(Stored data entries)
*****
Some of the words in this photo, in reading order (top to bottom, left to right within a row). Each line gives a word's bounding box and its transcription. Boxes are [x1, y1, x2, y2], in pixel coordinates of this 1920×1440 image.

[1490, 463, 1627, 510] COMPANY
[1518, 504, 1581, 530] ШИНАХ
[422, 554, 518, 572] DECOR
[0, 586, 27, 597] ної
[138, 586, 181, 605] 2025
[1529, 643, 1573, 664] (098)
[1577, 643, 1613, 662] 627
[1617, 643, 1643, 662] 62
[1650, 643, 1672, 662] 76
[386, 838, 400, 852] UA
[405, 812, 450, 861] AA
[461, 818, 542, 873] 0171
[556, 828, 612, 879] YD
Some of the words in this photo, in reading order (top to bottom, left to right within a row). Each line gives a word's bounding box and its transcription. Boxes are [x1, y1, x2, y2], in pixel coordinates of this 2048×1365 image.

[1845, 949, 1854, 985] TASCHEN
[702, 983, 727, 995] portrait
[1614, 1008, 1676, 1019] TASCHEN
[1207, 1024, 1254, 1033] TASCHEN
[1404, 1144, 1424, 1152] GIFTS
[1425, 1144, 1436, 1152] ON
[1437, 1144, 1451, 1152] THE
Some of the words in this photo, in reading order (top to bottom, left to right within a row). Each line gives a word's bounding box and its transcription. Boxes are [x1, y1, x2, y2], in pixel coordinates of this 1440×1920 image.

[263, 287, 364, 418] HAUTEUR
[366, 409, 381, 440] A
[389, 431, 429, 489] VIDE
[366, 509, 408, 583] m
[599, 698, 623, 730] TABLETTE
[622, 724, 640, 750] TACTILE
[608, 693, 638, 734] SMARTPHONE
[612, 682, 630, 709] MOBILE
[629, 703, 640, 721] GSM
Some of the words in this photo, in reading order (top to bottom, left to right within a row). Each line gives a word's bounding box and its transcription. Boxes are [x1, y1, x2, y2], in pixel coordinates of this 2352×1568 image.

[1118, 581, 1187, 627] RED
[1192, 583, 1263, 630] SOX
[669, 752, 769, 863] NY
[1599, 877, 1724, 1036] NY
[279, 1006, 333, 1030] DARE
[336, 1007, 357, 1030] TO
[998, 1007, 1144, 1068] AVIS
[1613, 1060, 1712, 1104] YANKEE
*****
> WHAT NEEDS TO BE DONE:
Print every record above once more, exactly as written.

> COMPLETED TASK:
Some of the words in this photo, in reading order (top to bottom, left to right within a row). Each line gives a word's bounding box and its transcription. Boxes are [x1, y1, x2, y2], in pixel coordinates of this 1920×1440 image.

[1490, 463, 1627, 510] COMPANY
[1518, 504, 1581, 530] ШИНАХ
[422, 554, 518, 572] DECOR
[0, 586, 27, 597] ної
[138, 586, 181, 605] 2025
[1529, 643, 1573, 664] (098)
[1577, 643, 1613, 662] 627
[1617, 643, 1643, 662] 62
[1650, 643, 1672, 662] 76
[386, 838, 400, 852] UA
[405, 812, 450, 861] AA
[461, 818, 542, 873] 0171
[556, 828, 612, 879] YD
Some of the words in this photo, in reading order (top to bottom, left to right within a row). Each line gives a word's bounding box and its transcription. Boxes are [x1, y1, x2, y2], in pixel coordinates of this 2048×1365 image.

[1845, 949, 1854, 985] TASCHEN
[702, 983, 727, 995] portrait
[1614, 1008, 1676, 1019] TASCHEN
[1207, 1024, 1254, 1033] TASCHEN
[1404, 1144, 1424, 1152] GIFTS
[1425, 1144, 1436, 1152] ON
[1437, 1144, 1451, 1152] THE
Some of the words in this photo, in reading order (top to bottom, left to right within a row). Each line gives a word's bounding box and its transcription. Boxes are [x1, y1, x2, y2], in pixel coordinates of this 1440×1920 image.

[263, 287, 364, 418] HAUTEUR
[366, 409, 381, 440] A
[389, 431, 429, 489] VIDE
[366, 509, 408, 583] m
[599, 698, 623, 730] TABLETTE
[622, 724, 640, 750] TACTILE
[608, 693, 638, 734] SMARTPHONE
[612, 682, 630, 709] MOBILE
[629, 703, 640, 721] GSM
Some of the words in this photo, in reading order (top to bottom, left to right within a row). Each line gives a word's bounding box and its transcription. Boxes are [x1, y1, x2, y2], in pixel coordinates of this 2352×1568 image.

[1118, 581, 1187, 627] RED
[1192, 583, 1263, 630] SOX
[669, 752, 769, 863] NY
[1599, 877, 1724, 1036] NY
[279, 1006, 333, 1030] DARE
[336, 1007, 357, 1030] TO
[998, 1007, 1144, 1068] AVIS
[1613, 1060, 1712, 1104] YANKEE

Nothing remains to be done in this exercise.